A mãe revelou que há rejeição pelo menino, pois foi concebido quando ela ainda visitava o pai na prisão

A mãe revelou que há rejeição pelo menino, pois foi concebido quando ela ainda visitava o pai na prisão
Conselheiro tutelar

Uma mãe de 27 anos entregou o filho de apenas 4 anos a funcionários de uma escola municipal de Cachoeiro de Itapemirim, na região Sul do Espírito Santo, na tarde desta terça-feira (9). Ela alegou às funcionárias da unidade que não quer mais cuidar da criança. O Conselho Tutelar foi acionado.

Segundo o conselheiro tutelar Leandro Vieira, o caso aconteceu no início da tarde, na Escola Virgínia Coelho Atayde, no bairro Alto Amarelo. “Ela chegou à equipe da escola e disse que não ficaria mais com a criança, que preferia entregá-la para que outra pessoa cuidasse do que abandoná-la. Ela se mostrou fria, sem sentimentos”, avaliou.

A criança e a mãe eram moradores da zona rural de Muqui, e estaria morando com familiares em Cachoeiro há pouco tempo. “O menino está na casa de familiares. O caso foi encaminhado ao Ministério Público e a guarda deve ser dada ao familiar”.

Ainda segundo o Conselho Tutelar, a criança é filho único da dona de casa, que já foi vítima de violência doméstica. O pai do menino cumpre pena pela Lei Maria da Penha e tráfico de drogas, em Campos dos Goytacazes, no Rio de Janeiro. “A mãe revelou que há rejeição pelo menino, pois foi concebido quando ela ainda visitava o pai na prisão”, disse Vieira.

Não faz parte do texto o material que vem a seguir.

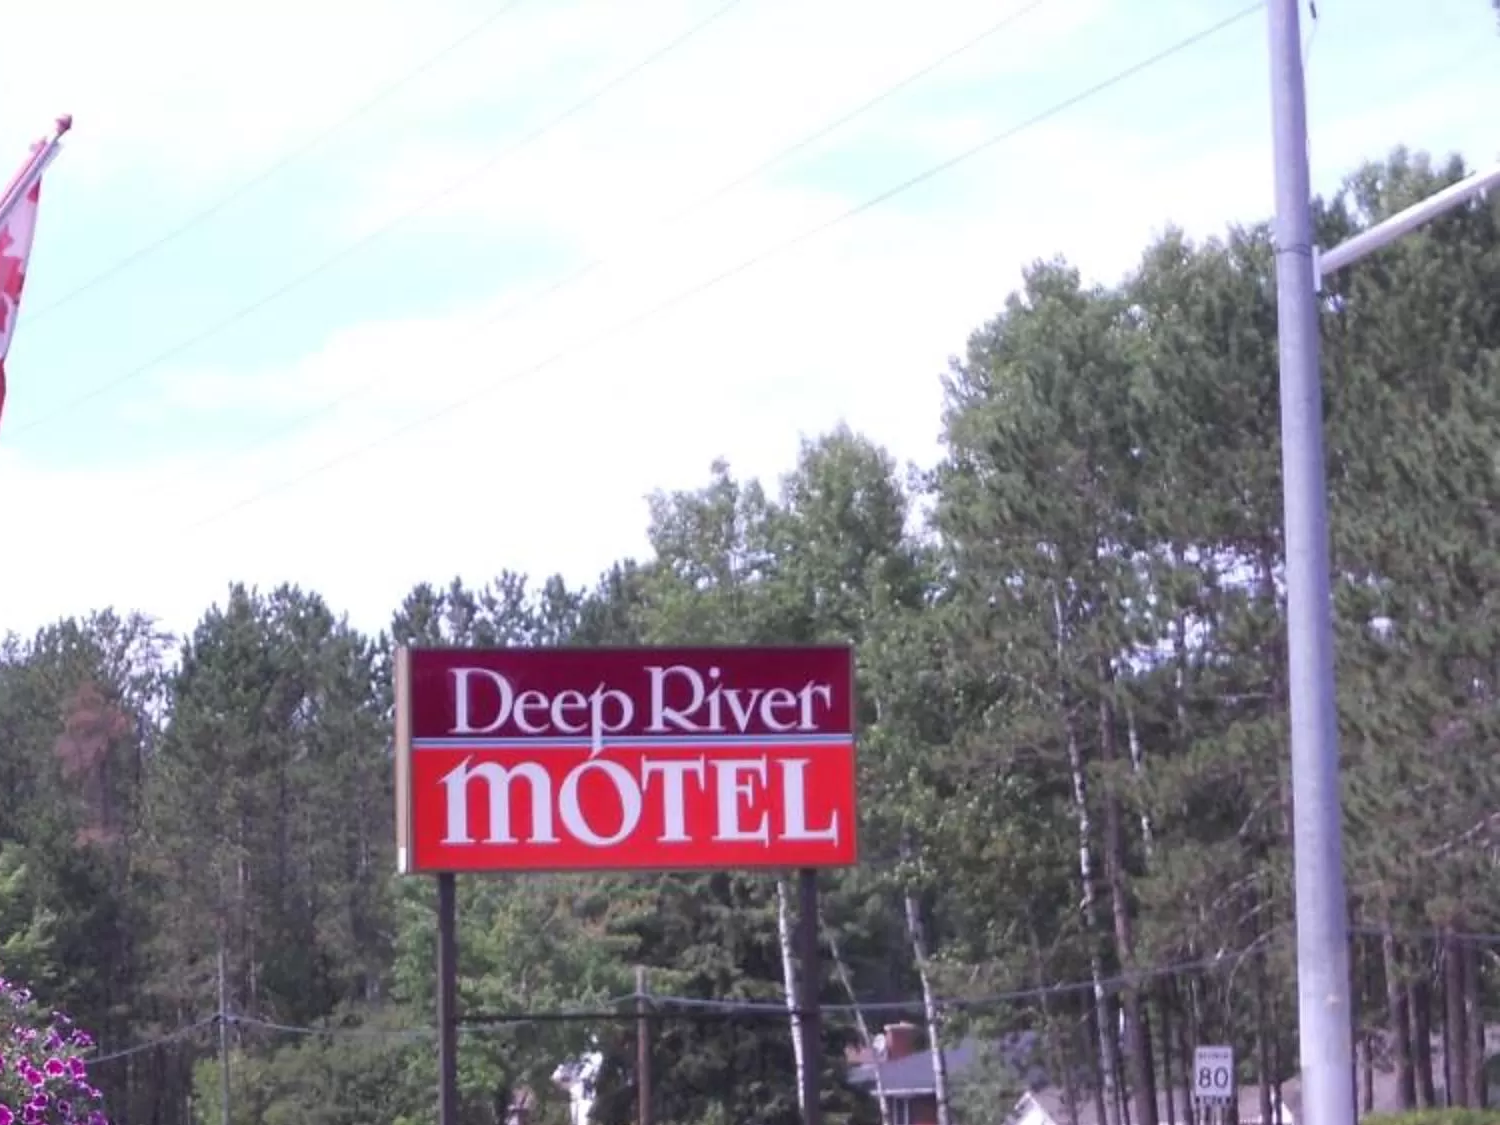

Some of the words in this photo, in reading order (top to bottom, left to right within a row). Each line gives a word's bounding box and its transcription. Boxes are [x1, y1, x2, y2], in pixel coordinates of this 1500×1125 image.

A Guarda Civil Municipal (GCM) de Cachoeiro chegou a oferecer apoio no projeto Ronda de Apoio à Família (Rafa) — um serviço de segurança pública para acolhimento à mulheres vítimas de violência doméstica — mas ela teria se recusado.

A criança, segundo o conselheiro, está recebendo apoio psicológico. Casos deste tipo, segundo Vieira, não acontecem com frequência. "Temos muitos casos de abusos, maus-tratos dentro do ambiente familiar ou até fora, mas esse caso não é comum. Isso choca até os profissionais da área".

O caso foi registrado na delegacia de Cachoeiro de Itapemirim. A assessoria da Polícia Civil informou que encaminhou o caso à Promotoria da Infância e Juventude.